A cidade de Maputo acolheu a Primeira Conferência Nacional sobre o tema, assinalando que a transformação digital em Moçambique é agora uma prioridade política central. Durante o evento, o Presidente Daniel Chapo sublinhou que a digitalização é um pilar essencial para modernizar o Estado, reforçar a transparência e reconstruir a confiança entre os cidadãos e as instituições públicas.
Interoperabilidade: O Coração do Estado Digital
Um dos pontos altos do debate foi a necessidade de ligar os sistemas do Estado aos do sector privado. Segundo o ministro Américo Muchanga, a transformação digital em Moçambique deve permitir que a banca e a administração pública partilhem dados de forma segura. Na prática, isto significa que o cidadão deixará de carregar documentos em papel, pois a autenticidade da informação será confirmada digitalmente entre instituições.
No entanto, para que este sistema funcione, é preciso investir em “auto-estradas digitais”. Por um lado, o Governo pretende definir as regras e padrões de segurança. Por outro lado, o sector privado terá o papel de implementar as soluções tecnológicas inovadoras sob supervisão pública. Esta parceria é fundamental para garantir que a modernização chegue a todos os distritos do país.
Inteligência Artificial e Soberania Tecnológica
A adopção da Inteligência Artificial (IA) também esteve na agenda. Embora a IA possa aumentar a eficiência da economia, a transformação digital em Moçambique exige uma regulação ética e responsável. Consequentemente, o país precisa de criar capacidade local para gerir algoritmos e dados, evitando novas formas de exclusão ou riscos de cibersegurança.
Além disso, especialistas das Nações Unidas defenderam o uso de plataformas de “código aberto”. Esta abordagem garante maior soberania tecnológica, reduzindo a dependência de fornecedores estrangeiros. Portanto, investir em talento nacional é um passo decisivo para manter e evoluir os sistemas digitais que suportam o Estado moderno.

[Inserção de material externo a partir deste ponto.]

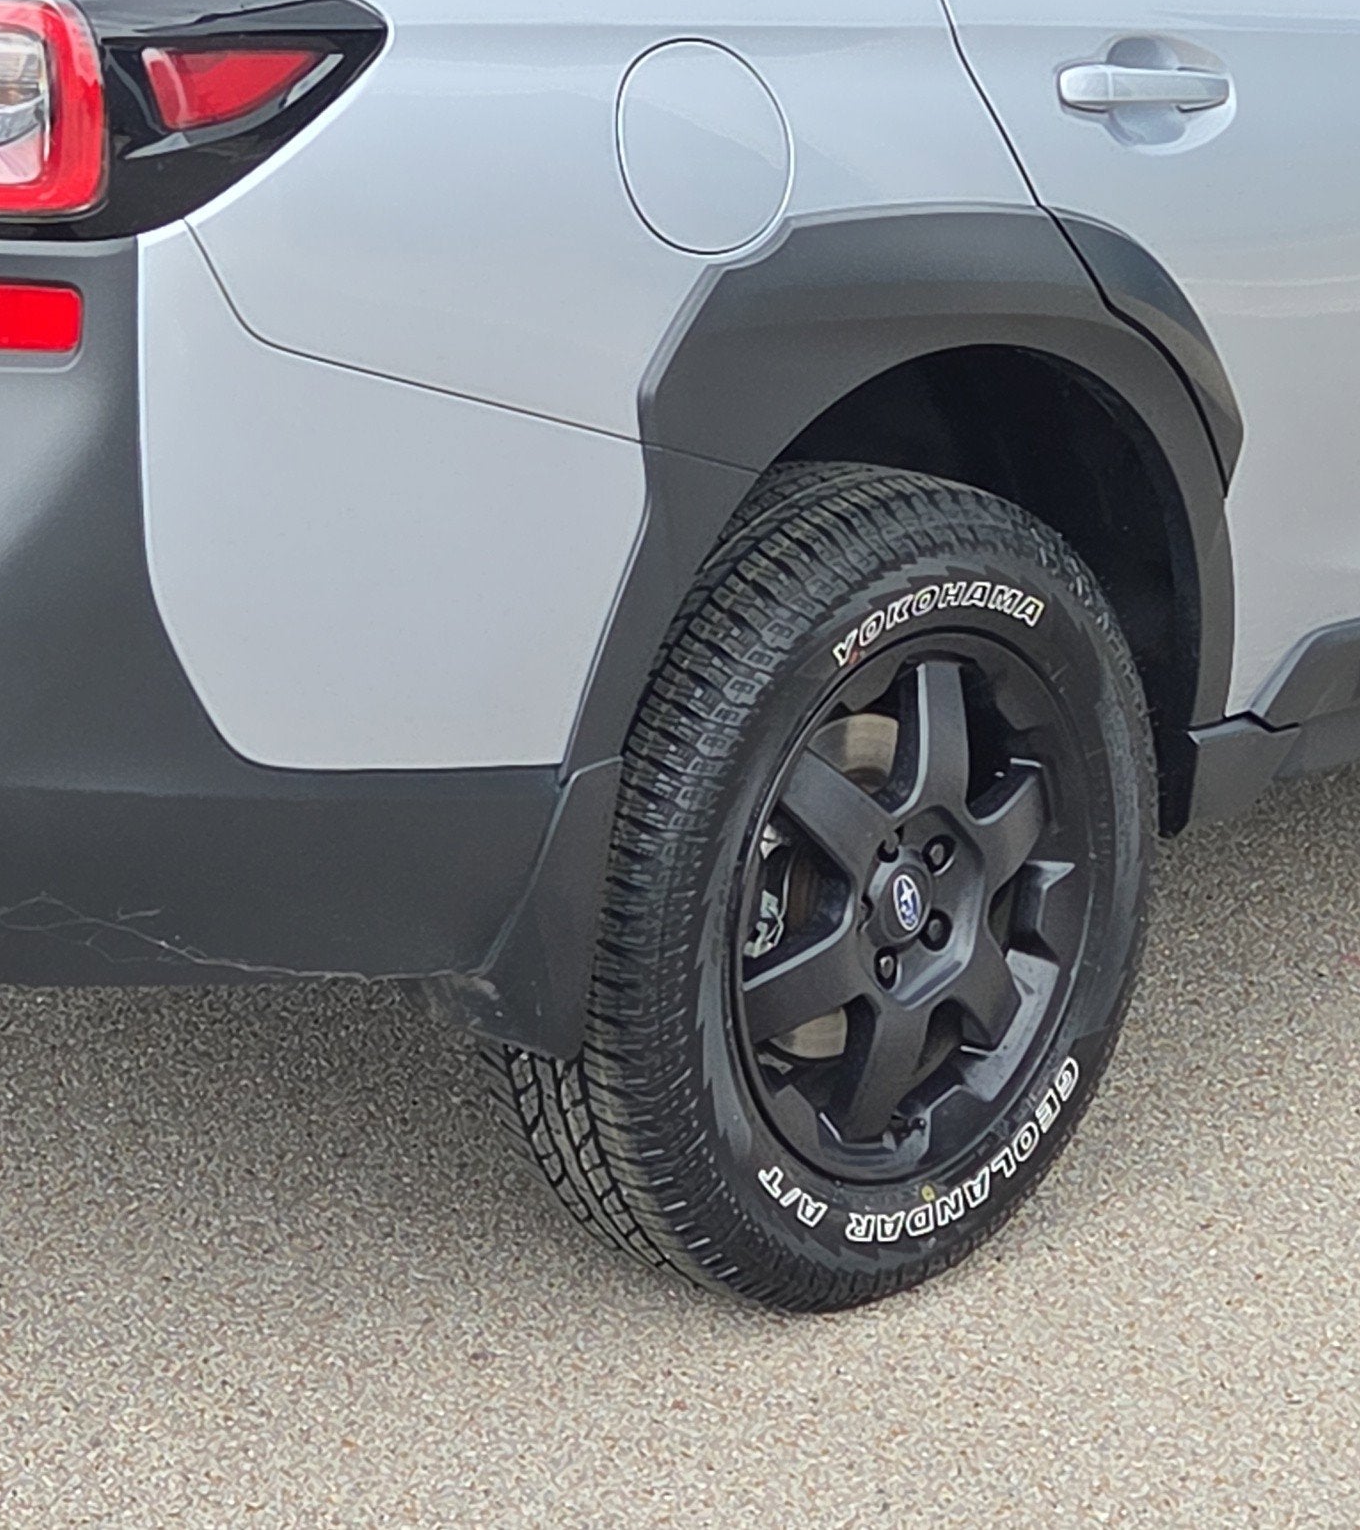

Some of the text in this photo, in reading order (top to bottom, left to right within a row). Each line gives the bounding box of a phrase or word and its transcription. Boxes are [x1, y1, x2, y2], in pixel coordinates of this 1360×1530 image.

[832, 581, 1045, 668] YOKOHAMA
[757, 1056, 1079, 1242] GEOLANDAR A/T

Aprender com Exemplos de Sucesso Internacional
Durante a conferência na província de Maputo, foram apresentados casos de sucesso como o do Brasil, que digitalizou 92% dos seus serviços públicos em sete anos. O segredo deste avanço esteve na governação e em metas claras estabelecidas ao mais alto nível. Moçambique procura agora seguir passos semelhantes através do novo Portal do Cidadão e da Agência de Modernização e Inovação.
Em suma, o sucesso da transformação digital em Moçambique dependerá da capacidade de transformar estratégias em serviços funcionais. Apesar dos desafios de conectividade e literacia digital, o caminho está traçado para que o Estado moçambicano fique, finalmente, à distância de um clique para todos os seus habitantes.